# [What is required]
Repeat the entries below exactly as they appear, with no pictures.

Records contained in a dataset:
▽

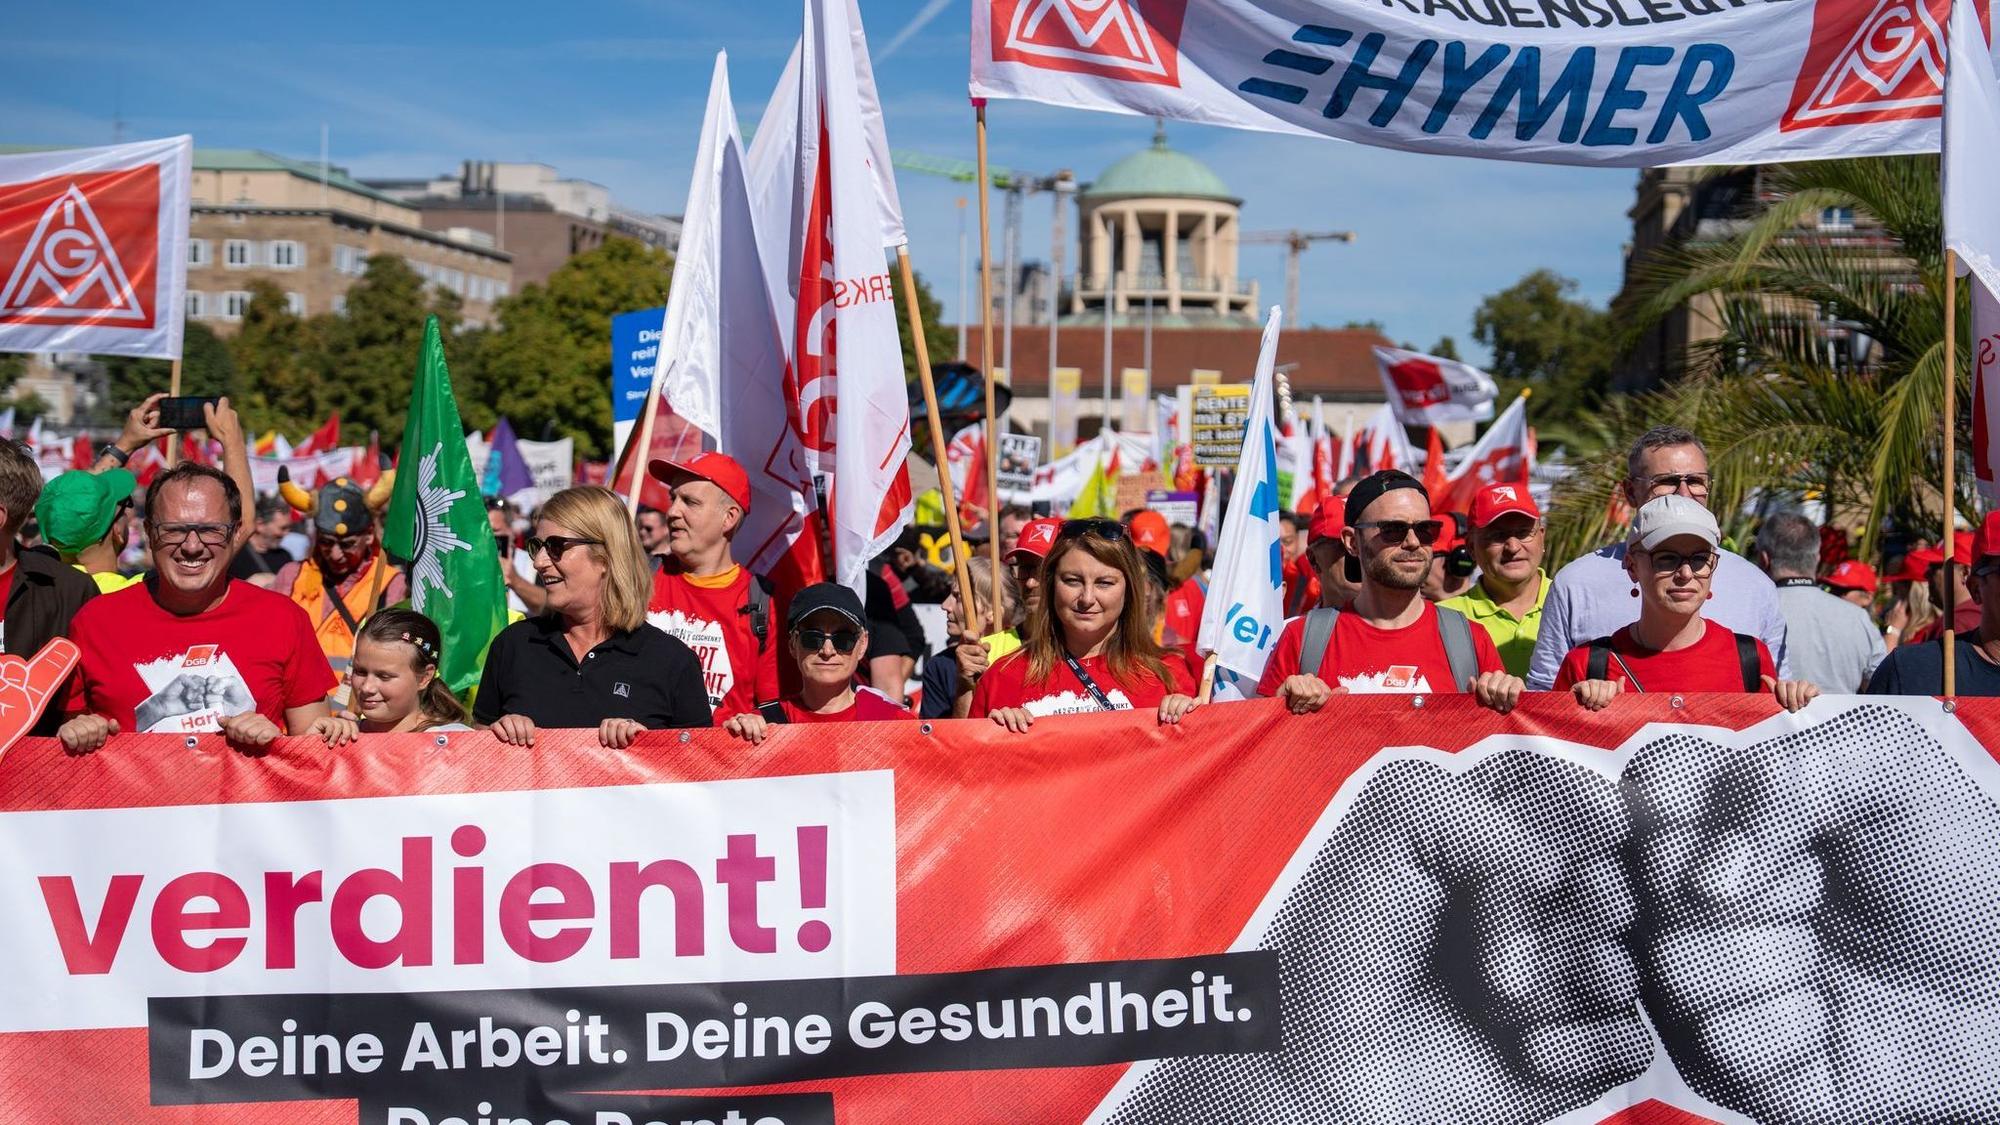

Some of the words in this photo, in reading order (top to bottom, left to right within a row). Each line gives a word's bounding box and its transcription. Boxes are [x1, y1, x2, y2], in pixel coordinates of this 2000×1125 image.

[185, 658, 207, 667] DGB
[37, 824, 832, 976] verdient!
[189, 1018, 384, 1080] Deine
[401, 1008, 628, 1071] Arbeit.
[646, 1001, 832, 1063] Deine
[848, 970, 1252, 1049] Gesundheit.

△

# [Exercise answer]
Some of the words in this photo, in reading order (top to bottom, left to right within a row). Each line gives a word's bounding box and its transcription. Boxes are [x1, y1, x2, y2], in pixel coordinates of this 2000×1125 image.

[185, 658, 207, 667] DGB
[37, 824, 832, 976] verdient!
[189, 1018, 384, 1080] Deine
[401, 1008, 628, 1071] Arbeit.
[646, 1001, 832, 1063] Deine
[848, 970, 1252, 1049] Gesundheit.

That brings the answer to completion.